Map-fn function gets passed map for each row, rows are grouped by the return value. Keep-fn is used to decide the index to keep.

:keep-fn - Function from key, idx-seq->idx. Defaults to #(first %2).

unordered-select

(unordered-select colname-seq index-seq)

Perform a selection but use the order of the columns in the existing table; do not reorder the columns based on colname-seq. Useful when doing selection based on sets or persistent hash maps.

unroll-column

(unroll-column column-name)(unroll-column column-name options)

Unroll a column that has some (or all) sequential data as entries. Returns a new dataset with same columns but with other columns duplicated where the unroll happened. Column now contains only scalar data.

Any missing indexes are dropped.

user> (-> (ds/->dataset [{:a 1 :b [2 3]}
                              {:a 2 :b [4 5]}
                              {:a 3 :b :a}])
               (ds/unroll-column :b {:indexes? true}))
  _unnamed [5 3]:

| :a | :b | :indexes |
|----+----+----------|
|  1 |  2 |        0 |
|  1 |  3 |        1 |
|  2 |  4 |        0 |
|  2 |  5 |        1 |
|  3 | :a |        0 |

Options - :datatype - datatype of the resulting column if one aside from :object is desired. :indexes? - If true, create a new column that records the indexes of the values from the original column. Can also be a truthy value (like a keyword) and the column will be named this.

update

(update filter-fn-or-ds update-fn & args)

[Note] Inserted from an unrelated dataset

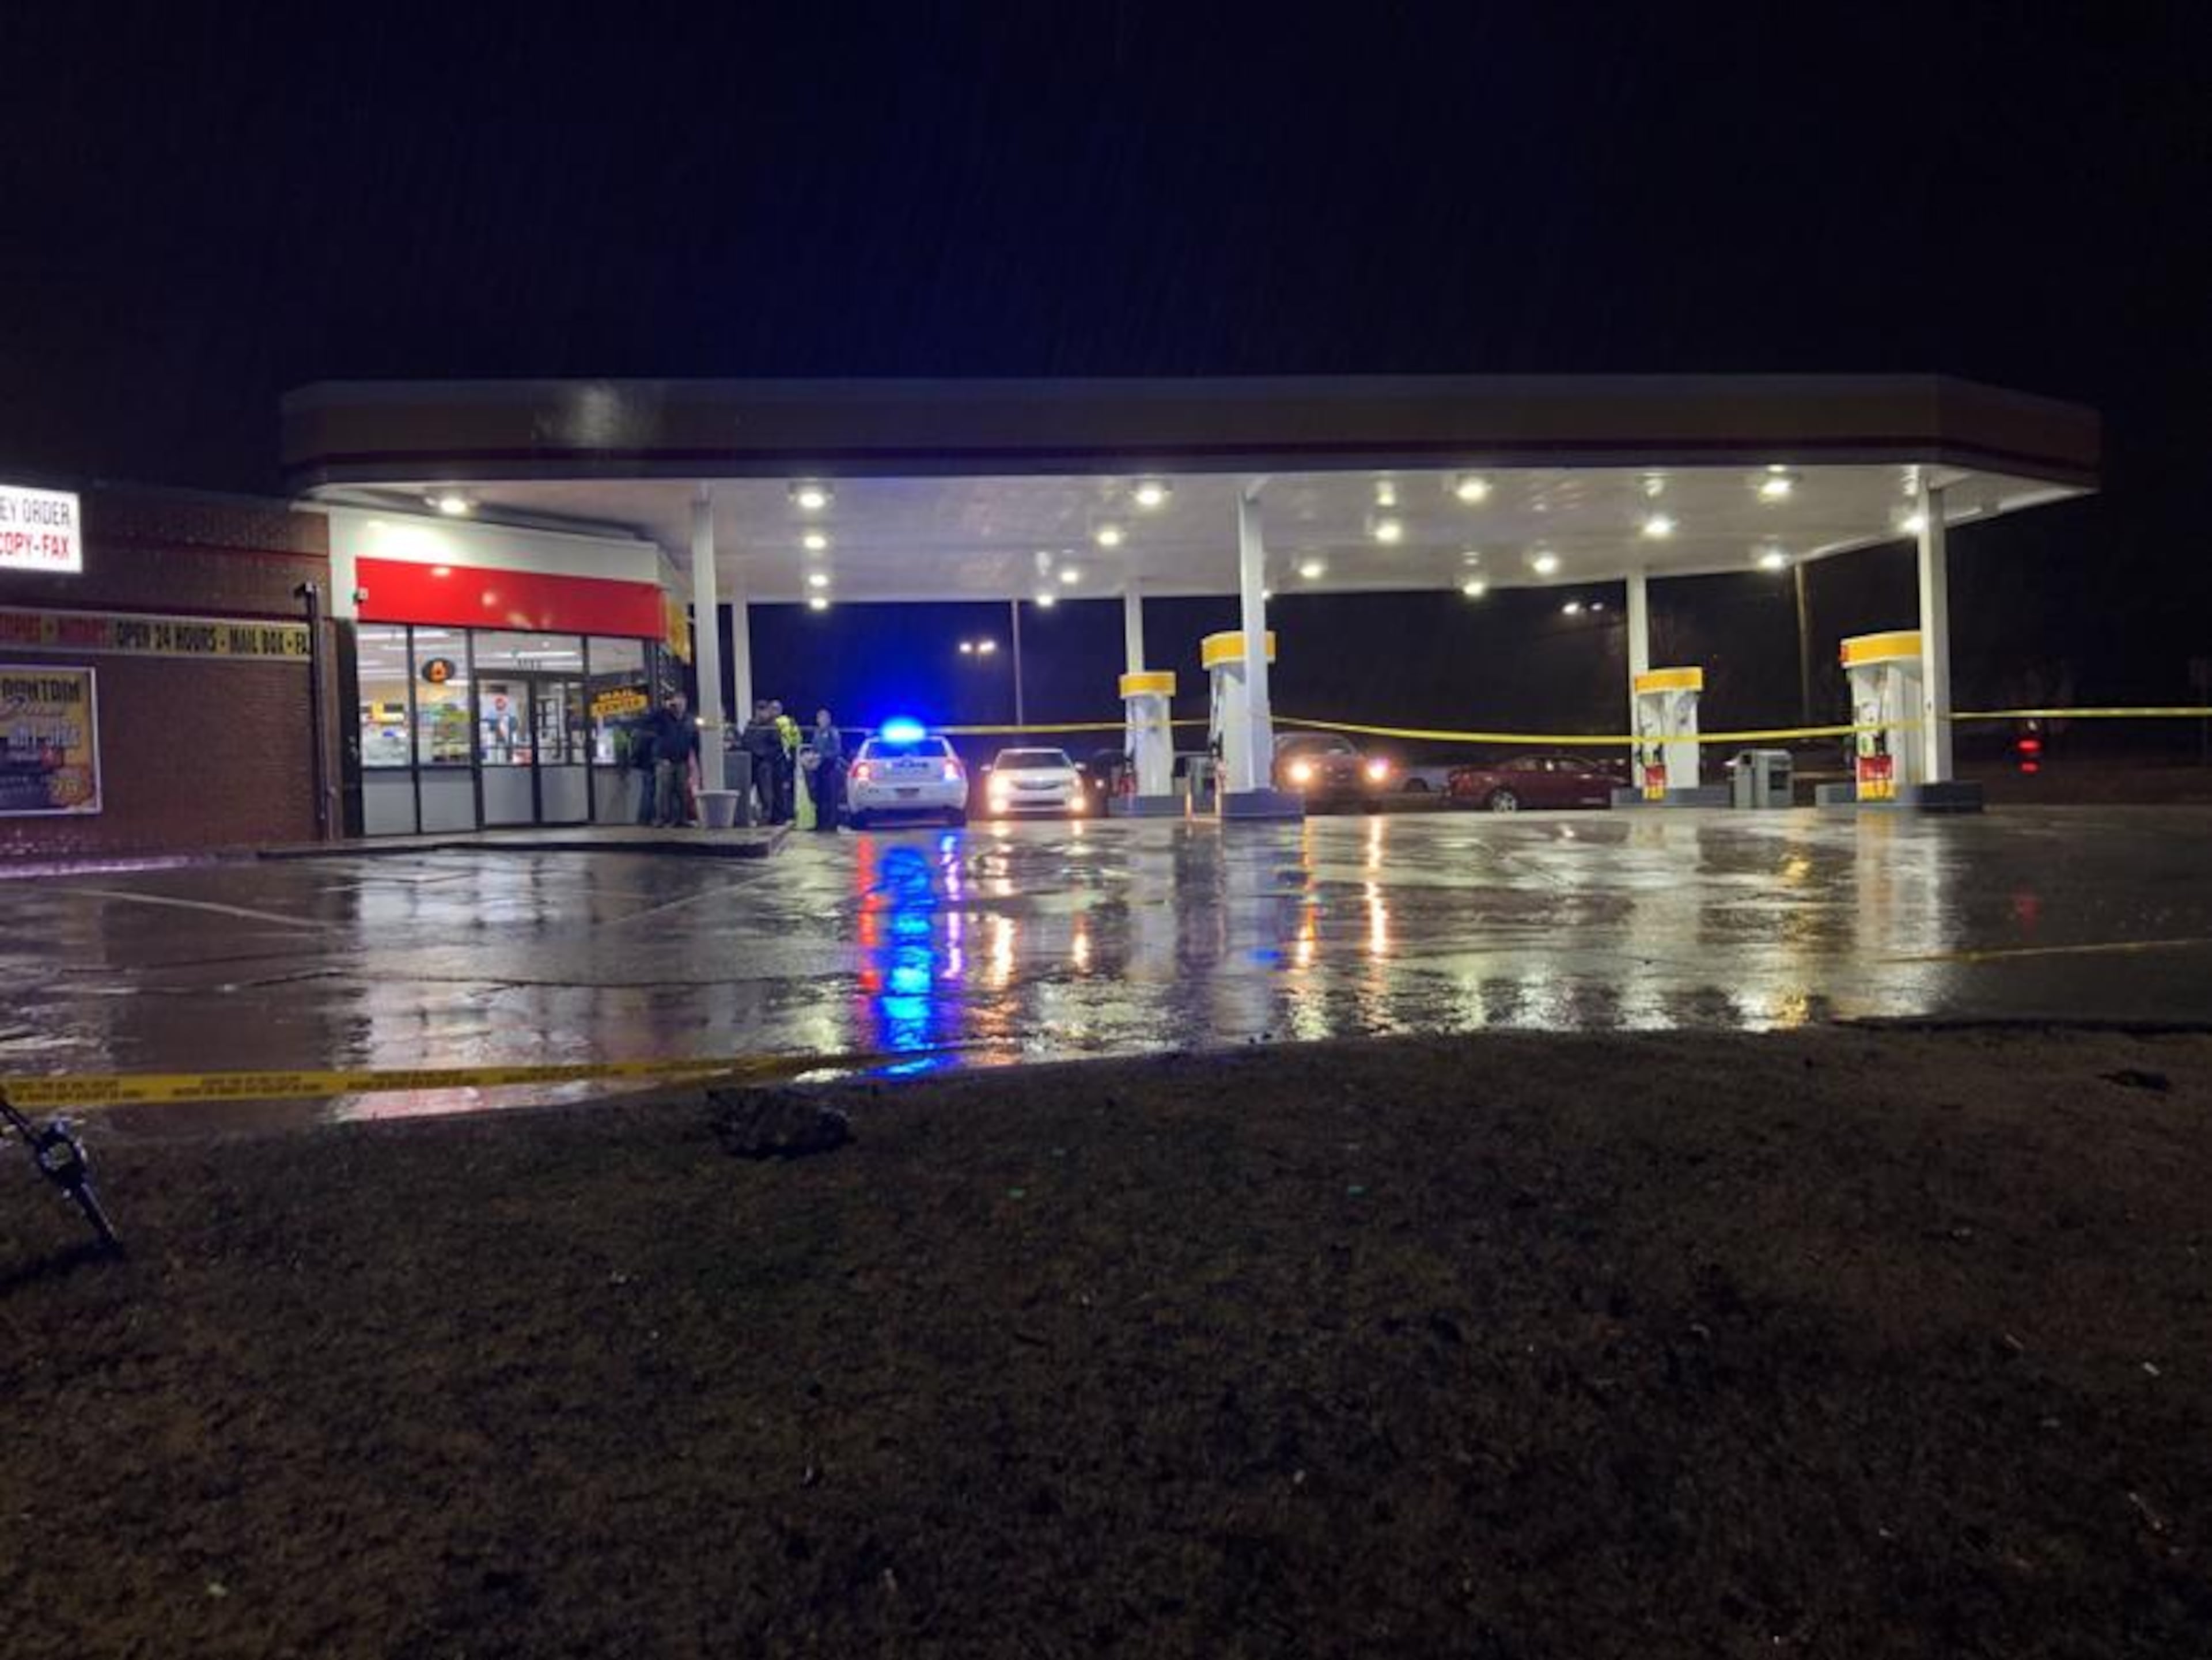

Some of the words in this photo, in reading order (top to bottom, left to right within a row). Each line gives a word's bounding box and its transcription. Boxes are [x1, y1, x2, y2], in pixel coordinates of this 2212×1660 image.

[22, 498, 70, 526] ORDER
[155, 623, 172, 650] 24
[175, 624, 217, 652] HOURS

Update this dataset. Filters this dataset into a new dataset, applies update-fn, then merges the result into original dataset.

This pathways is designed to work with the tech.v3.dataset.column-filters namespace.

  • filter-fn-or-ds is a generalized parameter. May be a function, a dataset or a sequence of column names.
  • update-fn must take the dataset as the first argument and must return a dataset.
(ds/bind-> (ds/->dataset dataset) ds
           (ds/remove-column "Id")
           (ds/update cf/string ds/replace-missing-value "NA")
           (ds/update-elemwise cf/string #(get {"" "NA"} % %))
           (ds/update cf/numeric ds/replace-missing-value 0)
           (ds/update cf/boolean ds/replace-missing-value false)
           (ds/update-columnwise (cf/union (cf/numeric ds) (cf/boolean ds))
                                 #(dtype/elemwise-cast % :float64)))

update-column

(update-column col-name update-fn)

Update a column returning a new dataset. update-fn is a column->column transformation. Error if column does not exist.

update-columns

(update-columns column-name-seq-or-fn update-fn)

Update a sequence of columns selected by column name seq or column selector function.

For example:

(update-columns DS [:A :B] #(dfn/+ % 2))
(update-columns DS cf/numeric #(dfn// % 2))

update-columnwise

(update-columnwise filter-fn-or-ds cwise-update-fn & args)

Call update-fn on each column of the dataset. Returns the dataset. See arguments to update

update-elemwise

(update-elemwise filter-fn-or-ds map-fn)(update-elemwise map-fn)

Replace all elements in selected columns by calling selected function on each element. column-name-seq must be a sequence of column names if provided. filter-fn-or-ds has same rules as update. Implicitly clears the missing set so function must deal with type-specific missing values correctly. Returns new dataset

value-reader

(value-reader options)(value-reader)

Return a reader that produces a reader of column values per index. Options: :copying? - Default to false - When true row values are copied on read.

write!

(write! output-path options)(write! output-path)

Write a dataset out to a file. Supported forms are:

(ds/write! test-ds "test.csv")
(ds/write! test-ds "test.tsv")
(ds/write! test-ds "test.tsv.gz")
(ds/write! test-ds "test.nippy")
(ds/write! test-ds out-stream)

Options:

  • :max-chars-per-column - csv,tsv specific, defaults to 65536 - values longer than this will cause an exception during serialization.
  • :max-num-columns - csv,tsv specific, defaults to 8192 - If the dataset has more than this number of columns an exception will be thrown during serialization.
  • :quoted-columns - csv specific - sequence of columns names that you would like to always have quoted.
  • :file-type - Manually specify the file type. This is usually inferred from the filename but if you pass in an output stream then you will need to specify the file type.
  • :headers? - if csv headers are written, defaults to true.